Containers allow you to experiment with different varieties of potatoes, as well as potatoes of different colors – Finn yellow, Majesty purple, Cloud red, Adirondack blue – all neatly separated in a separate container. In one container, you can grow early varieties, in the other, late varieties. And harvesting container-grown potatoes is easier and more fun than digging them out of the ground, which, of course, can also be quite exciting.

You may even find that growing potatoes in pots can add a decorative touch to patios and landscaping. Potatoes will delight you with abundant flowering until the very end of the growing season. Pots entwined with sweet potato vines look especially attractive.

The same techniques as for growing potatoes in the ground apply to growing them in containers. In addition to compost and soil, potatoes can be grown in bark, perlite, and other media that make growing easy and neat. Pots and containers of all kinds have been successfully used to grow potatoes, including those made from tie wire, containers assembled from kits or from scratch, even plastic containers and recycled buckets.

Container Growing Technology

Large pots of all kinds are well suited for growing potatoes. They should be at least 35 centimeters wide along the bottom and deep enough to be covered with earth during the season. Use at least 7 dry liters of potting mix per potato variety. The bigger, the better. Crowding of plantings will lead to a smaller yield of small potatoes.

Potatoes, usually spaced 25 centimeters apart, can be pressed a little (but only a little) when planting in containers. In a pot with a bottom diameter of 90 centimeters will be enough space for three plants. The deeper the pot, the better, but its depth should be at least 30 centimeters. This will place at least five centimeters of soil under the starter plants for growing and leave room for moderate loosening.

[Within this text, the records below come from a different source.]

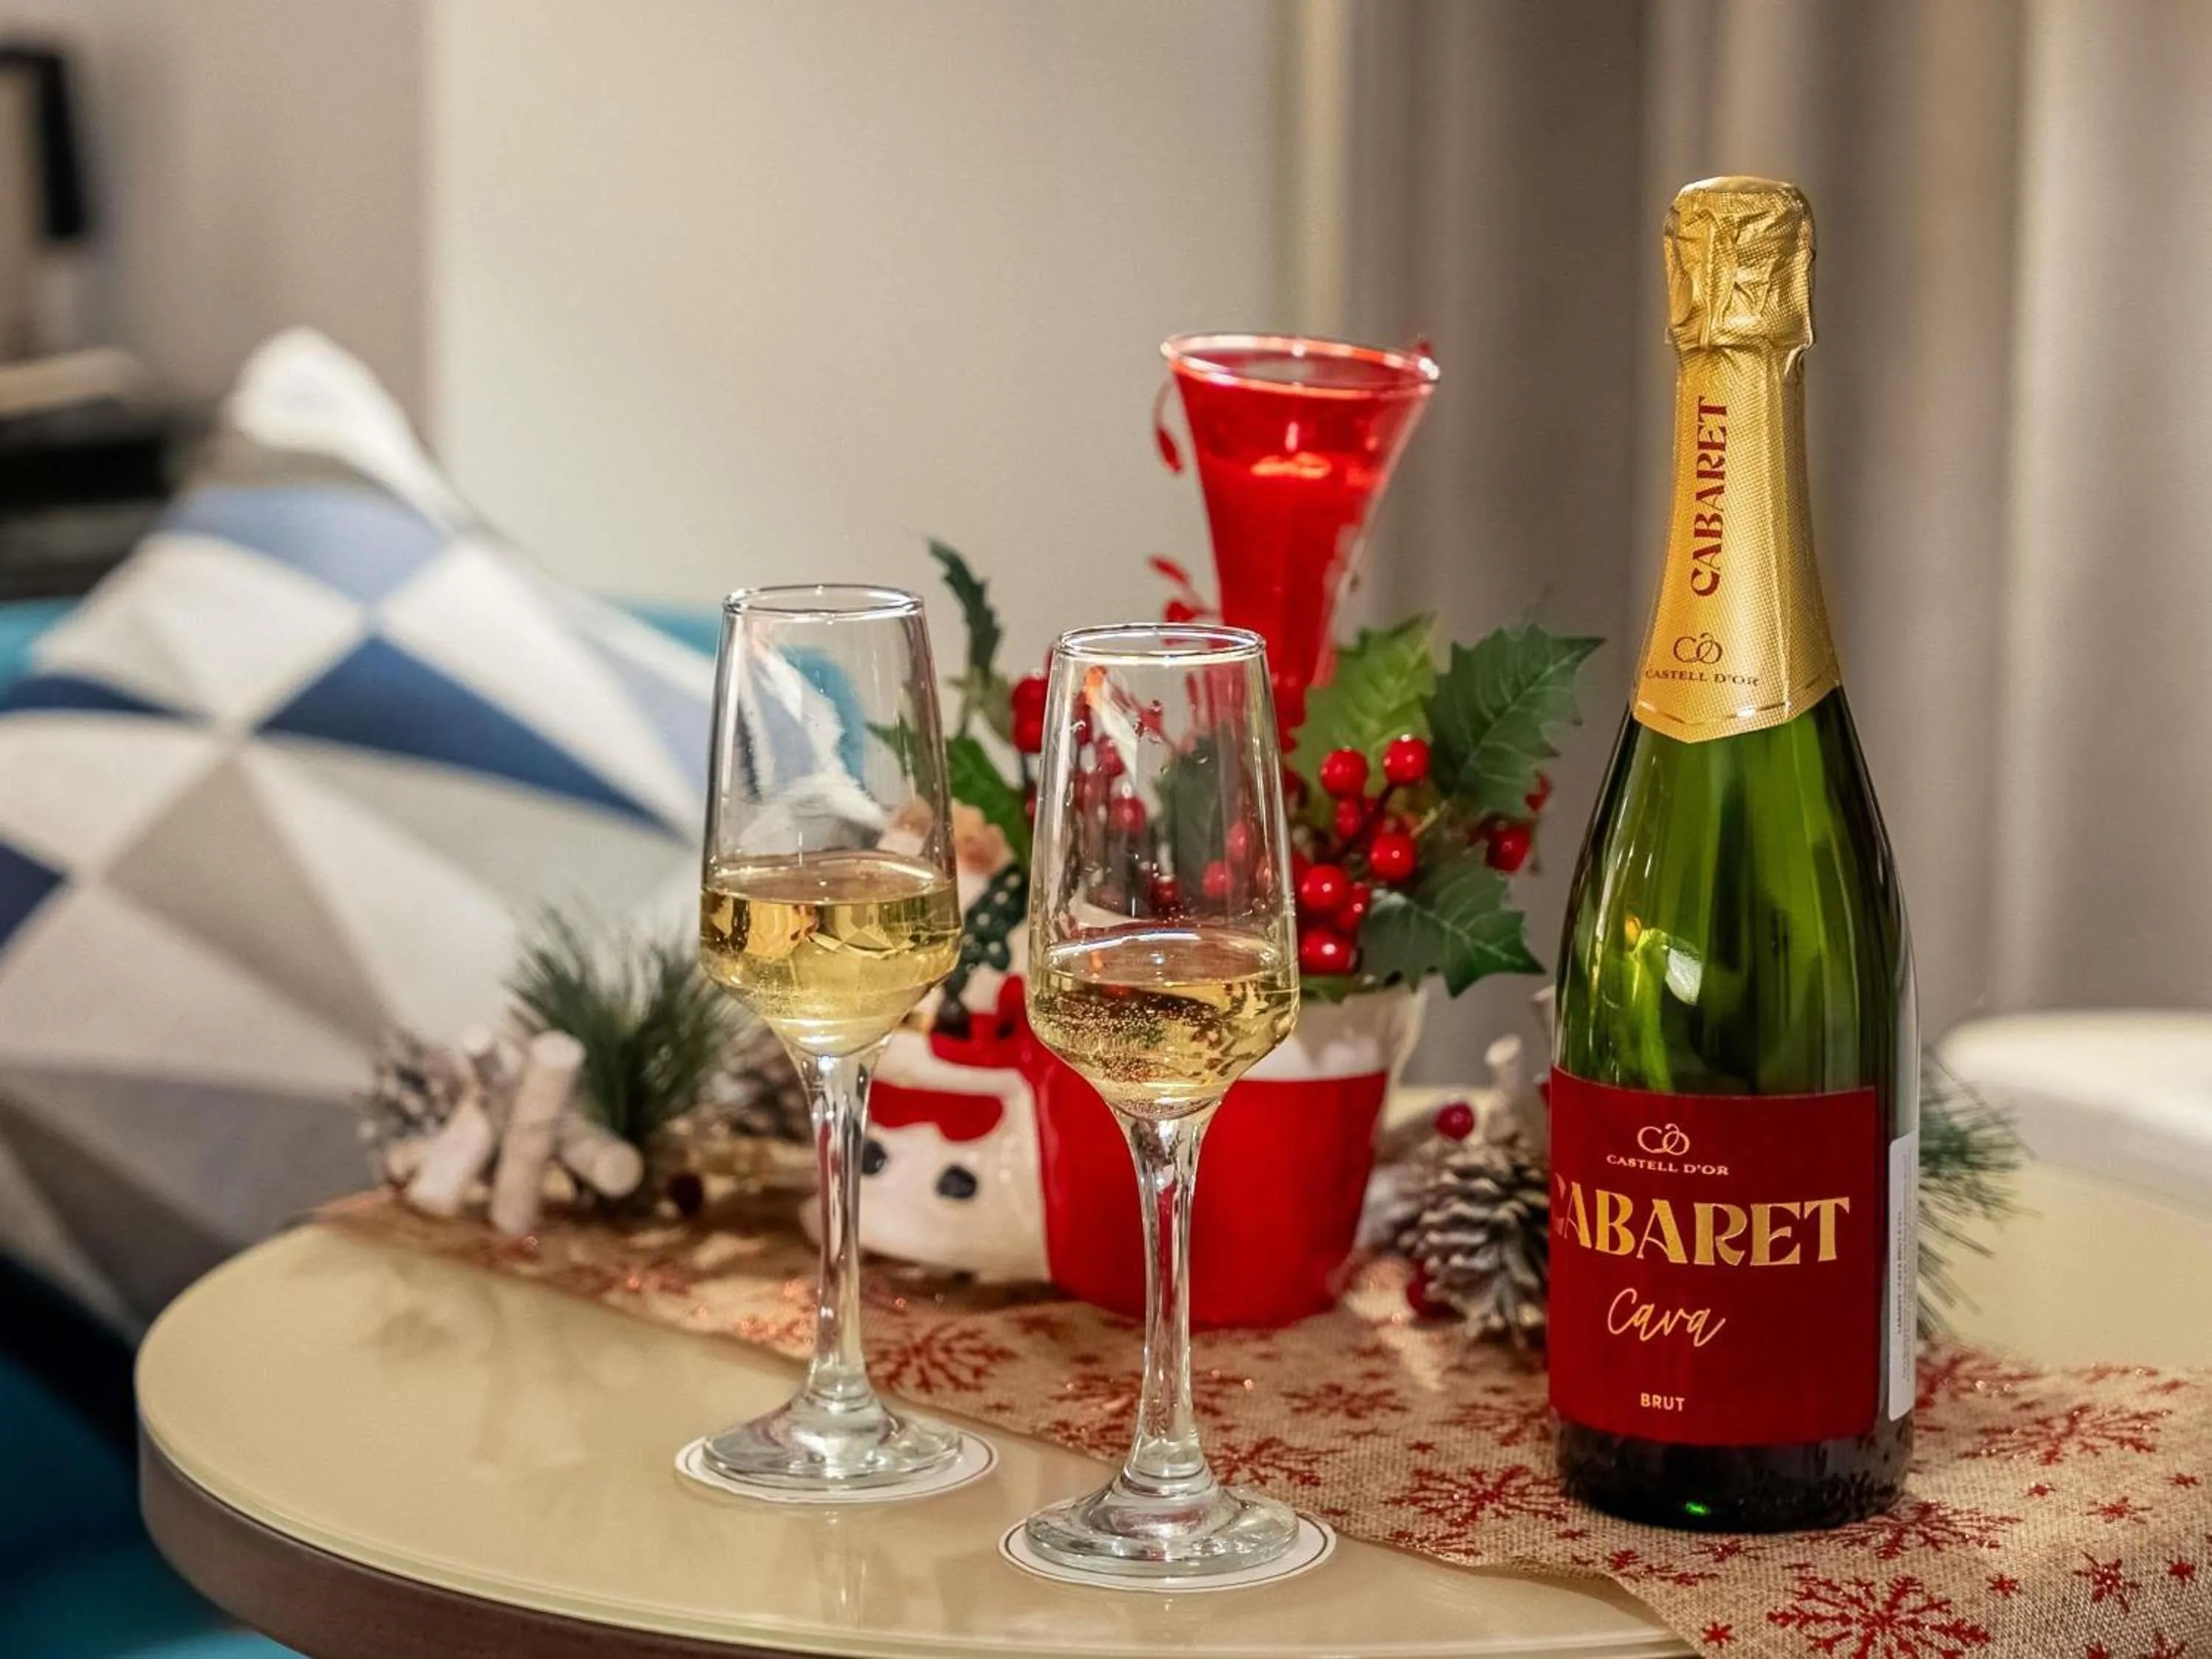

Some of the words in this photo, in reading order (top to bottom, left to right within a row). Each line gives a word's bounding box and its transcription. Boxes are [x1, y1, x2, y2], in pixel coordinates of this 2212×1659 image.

[1691, 394, 1727, 597] CABARET
[1645, 668, 1708, 682] CASTELL
[1714, 673, 1759, 686] D'OR
[1606, 1154, 1679, 1173] CASTELL
[1683, 1164, 1729, 1175] D'OR
[1607, 1287, 1726, 1347] Cava
[1641, 1392, 1686, 1411] BRUT
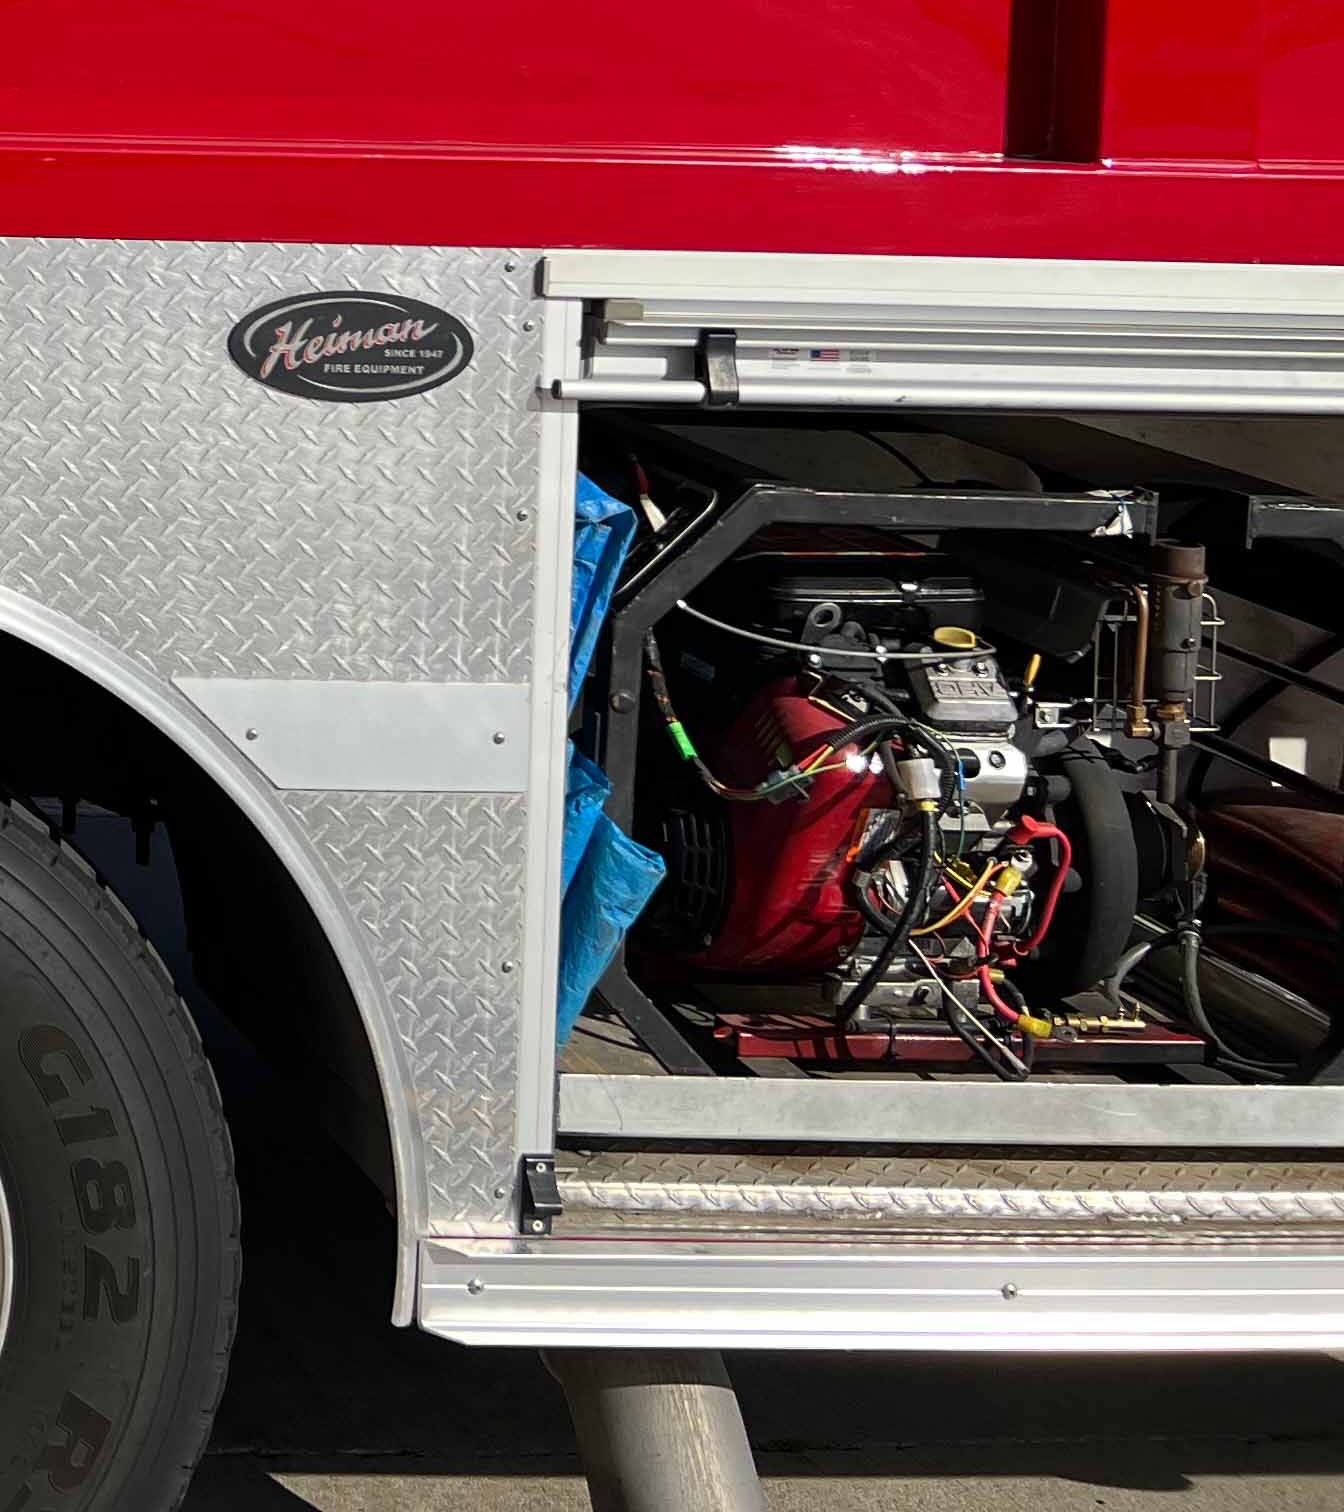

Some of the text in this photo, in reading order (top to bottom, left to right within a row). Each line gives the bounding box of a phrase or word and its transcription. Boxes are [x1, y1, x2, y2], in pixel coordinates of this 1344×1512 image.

Good drainage is critical. Make sure your container has drainage holes if possible. If the container you’re using doesn’t have drainage at the bottom (and you can’t safely do so), place rocks or gravel about an inch or two deep in the bottom of the container. Water carefully and do not oversaturate the soil with moisture and fertilizer.

Large pots can be very heavy when filled with damp soil. Be sure to find a place for the pot before filling it.